TASK GOAL: Within the data below, state how many lines contain the string "AUTHORIZED". Provide the number only.

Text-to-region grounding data
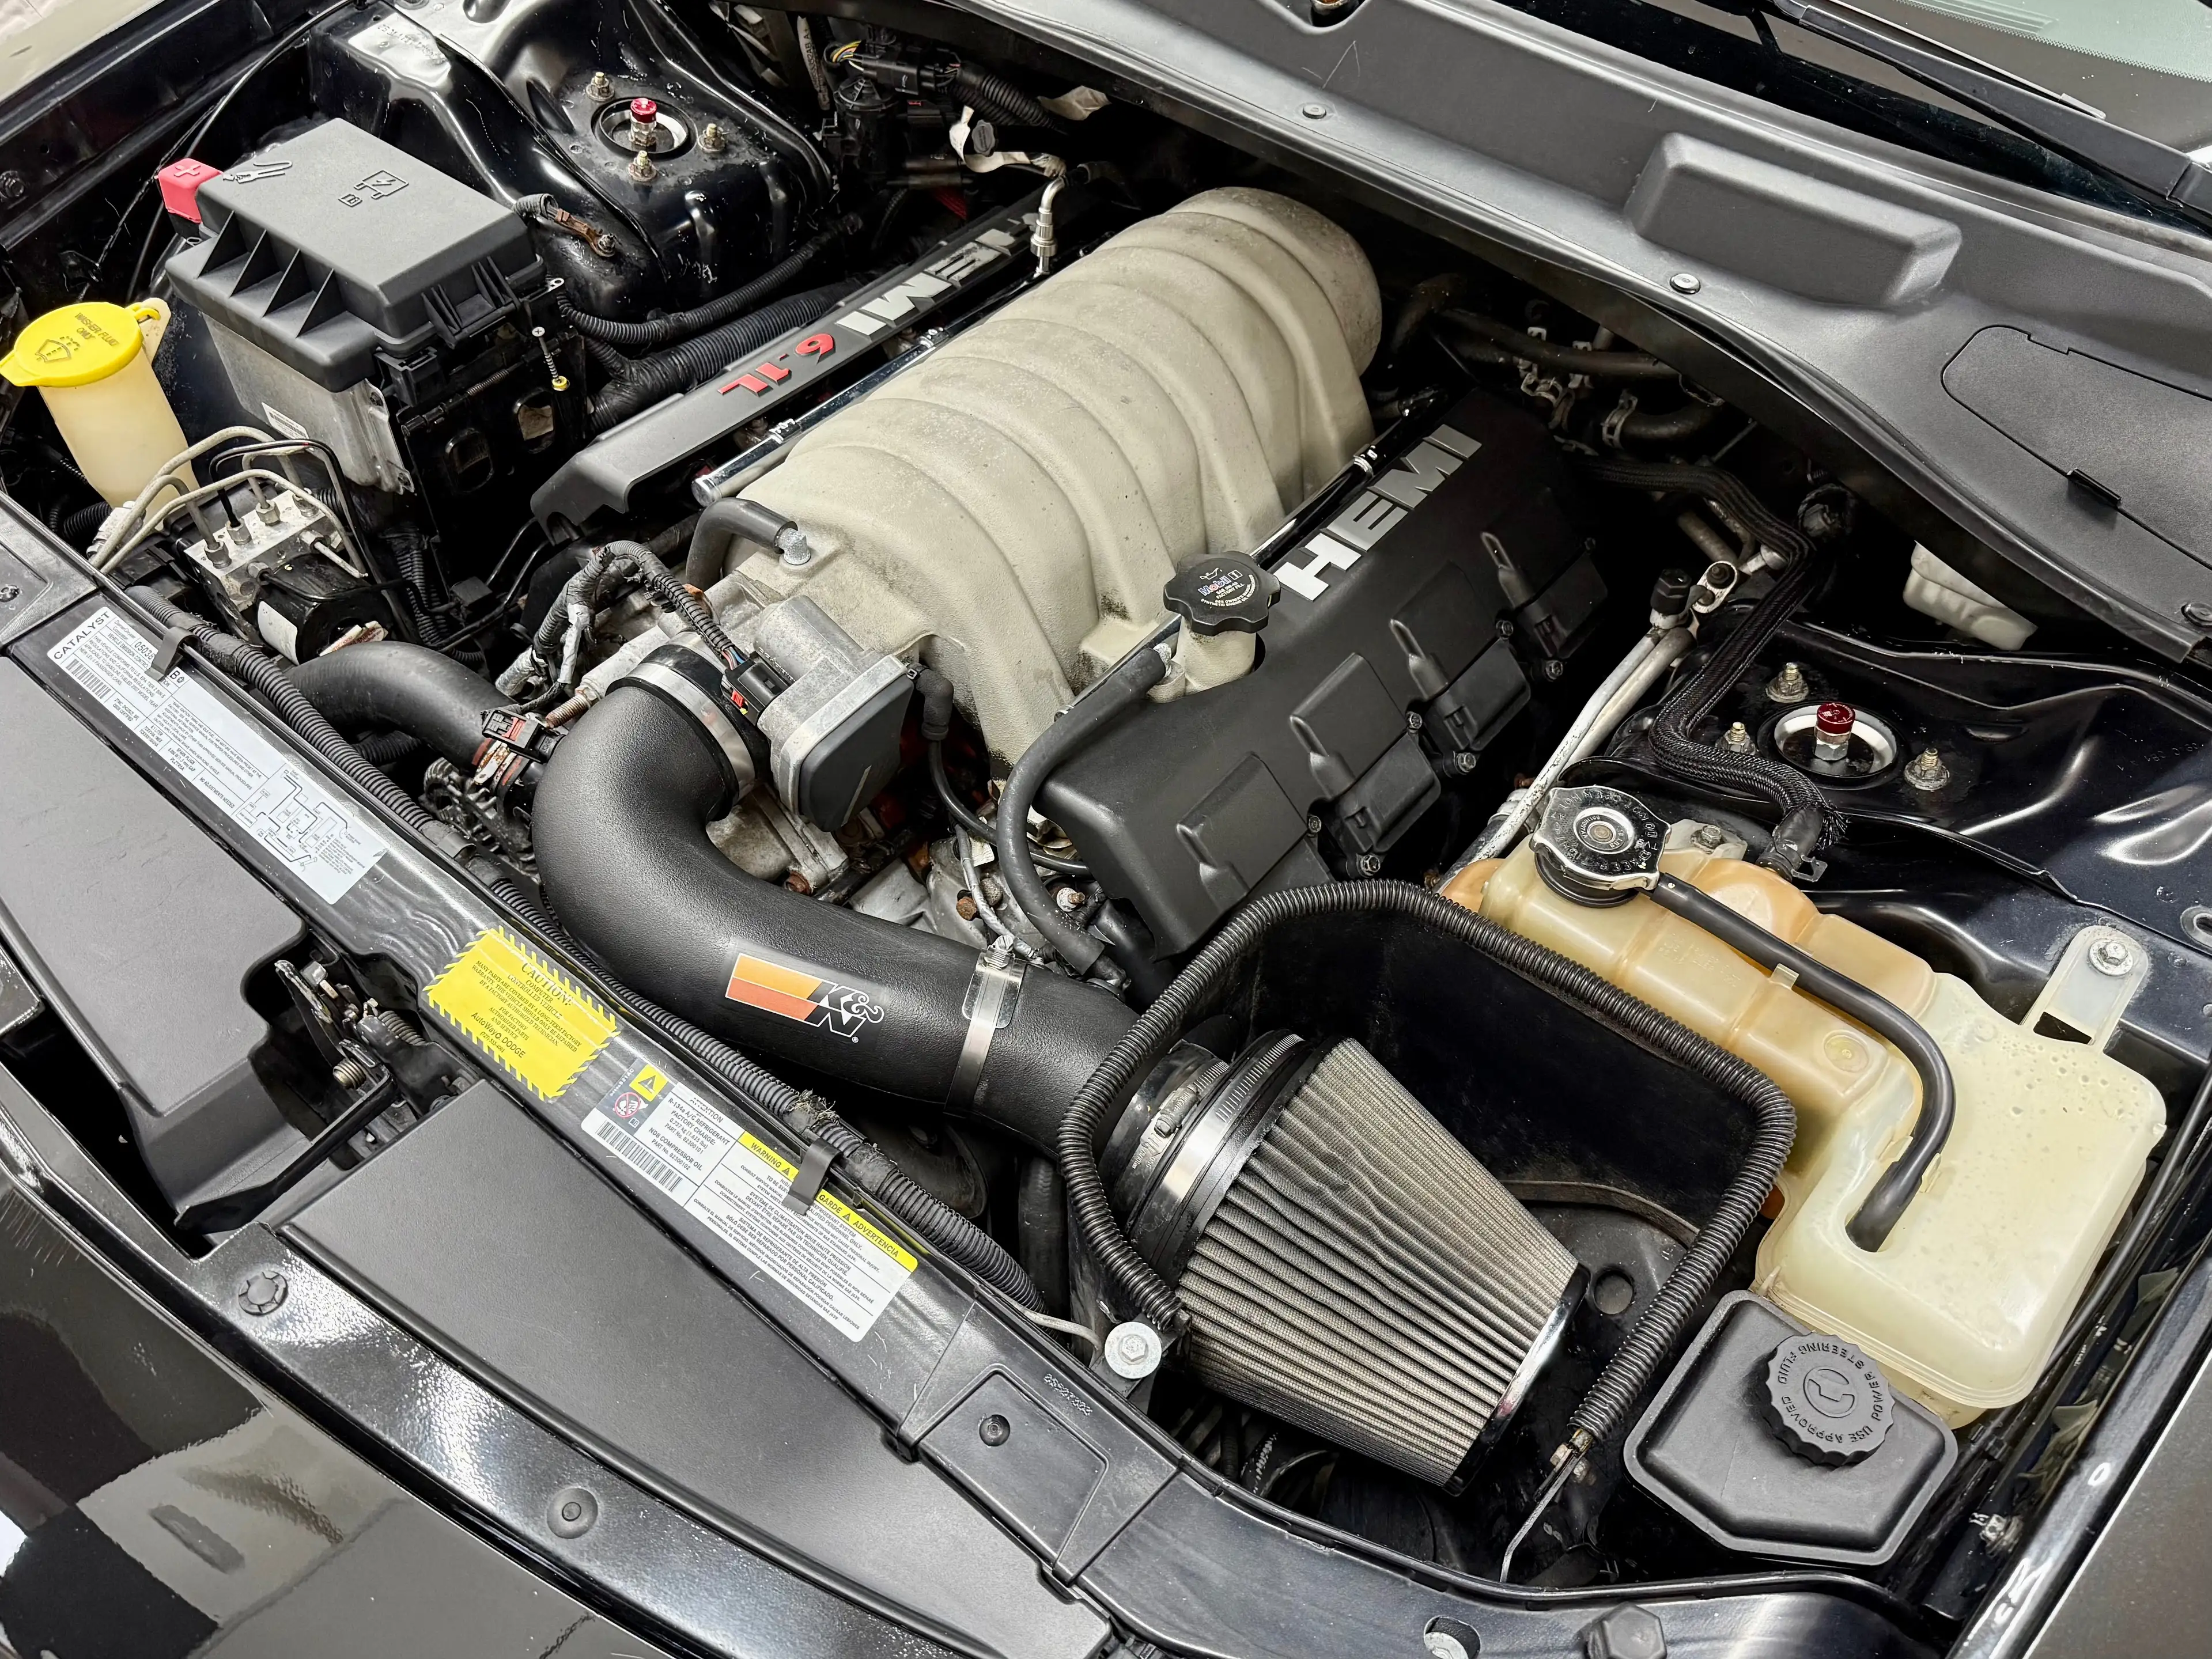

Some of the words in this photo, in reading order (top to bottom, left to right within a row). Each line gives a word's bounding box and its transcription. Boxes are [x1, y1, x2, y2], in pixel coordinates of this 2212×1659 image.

[75, 312, 101, 333] WASHER
[98, 331, 120, 346] FLUID
[77, 327, 96, 339] ONLY
[717, 333, 836, 397] 6.1L
[1273, 424, 1482, 601] HEMI
[1198, 575, 1232, 596] Mobil
[1216, 589, 1235, 599] FACTORY
[51, 611, 113, 661] CATALYST
[475, 960, 489, 972] MANY
[487, 969, 502, 983] PARTS
[500, 980, 511, 989] ARE
[508, 987, 530, 1005] COVERED
[536, 1009, 563, 1032] LONG-TERM
[561, 1029, 582, 1047] FACTORY
[506, 974, 541, 1002] CONTROLLED
[539, 999, 562, 1019] VEHICLE
[519, 962, 573, 1005] CAUTION!
[524, 979, 554, 1003] COMPUTER
[470, 964, 496, 986] WARRANTY.
[494, 983, 506, 994] THIS
[504, 991, 524, 1009] VEHICLE
[521, 1005, 540, 1022] SHOULD
[538, 1018, 551, 1031] ONLY
[555, 1032, 578, 1052] REPAIRED
[487, 987, 508, 1004] FACTORY
[506, 1002, 534, 1025] AUTHORIZED
[532, 1022, 560, 1046] TECHNICIAN.
[488, 1006, 516, 1030] AUTHORIZED
[515, 1027, 530, 1040] PARTS
[490, 1017, 501, 1026] AND
[499, 1024, 519, 1039] SERVICE
[498, 1006, 509, 1016] FOR
[507, 1013, 528, 1031] FACTORY
[804, 981, 884, 1037] K&N
[500, 1036, 525, 1058] DODGE
[667, 1098, 686, 1113] R-134a
[684, 1111, 696, 1121] A/C
[694, 1118, 730, 1146] REFRIGERANT
[671, 1109, 694, 1128] FACTORY
[659, 1135, 694, 1164] COMPRESSOR
[692, 1161, 704, 1171] OIL
[750, 1142, 782, 1168] WARNING
[778, 1184, 789, 1194] SERV
[744, 1195, 762, 1210] DEVANT
[761, 1207, 773, 1218] ÊTRE
[771, 1215, 788, 1229] RÉPARÉ
[787, 1227, 797, 1236] PAR
[795, 1233, 803, 1241] UN
[801, 1238, 828, 1260] TECHNICIEN
[826, 1257, 849, 1276] QUALIFIÉ.
[749, 1191, 769, 1207] SYSTÈME
[773, 1209, 805, 1235] CLIMATISATION
[804, 1232, 817, 1244] SOUS
[815, 1241, 831, 1255] HAUTE
[829, 1252, 852, 1270] PRESSION
[807, 1207, 826, 1222] ALIFIED
[824, 1220, 850, 1241] PERSONNEL
[849, 1238, 863, 1250] ONLY.
[818, 1194, 842, 1214] GARDE
[852, 1219, 901, 1257] ADVERTENCIA
[725, 1214, 738, 1225] SÓLO
[736, 1222, 748, 1234] DEBE
[747, 1231, 757, 1240] SER
[755, 1237, 778, 1257] REPARADO
[777, 1254, 787, 1264] POR
[785, 1261, 809, 1281] PERSONAL
[807, 1278, 835, 1301] CALIFICADO.
[738, 1217, 757, 1233] SISTEMA
[762, 1235, 793, 1260] REFRIGERANTE
[797, 1263, 810, 1273] ALTA
[808, 1270, 828, 1287] PRESIÓN
[1778, 1351, 1798, 1384] FLUID
[1798, 1342, 1865, 1369] STEERING
[1863, 1371, 1884, 1421] POWER
[1781, 1396, 1843, 1443] APPROVED
[1848, 1425, 1873, 1442] USE

ANSWER FOR THE TASK: 2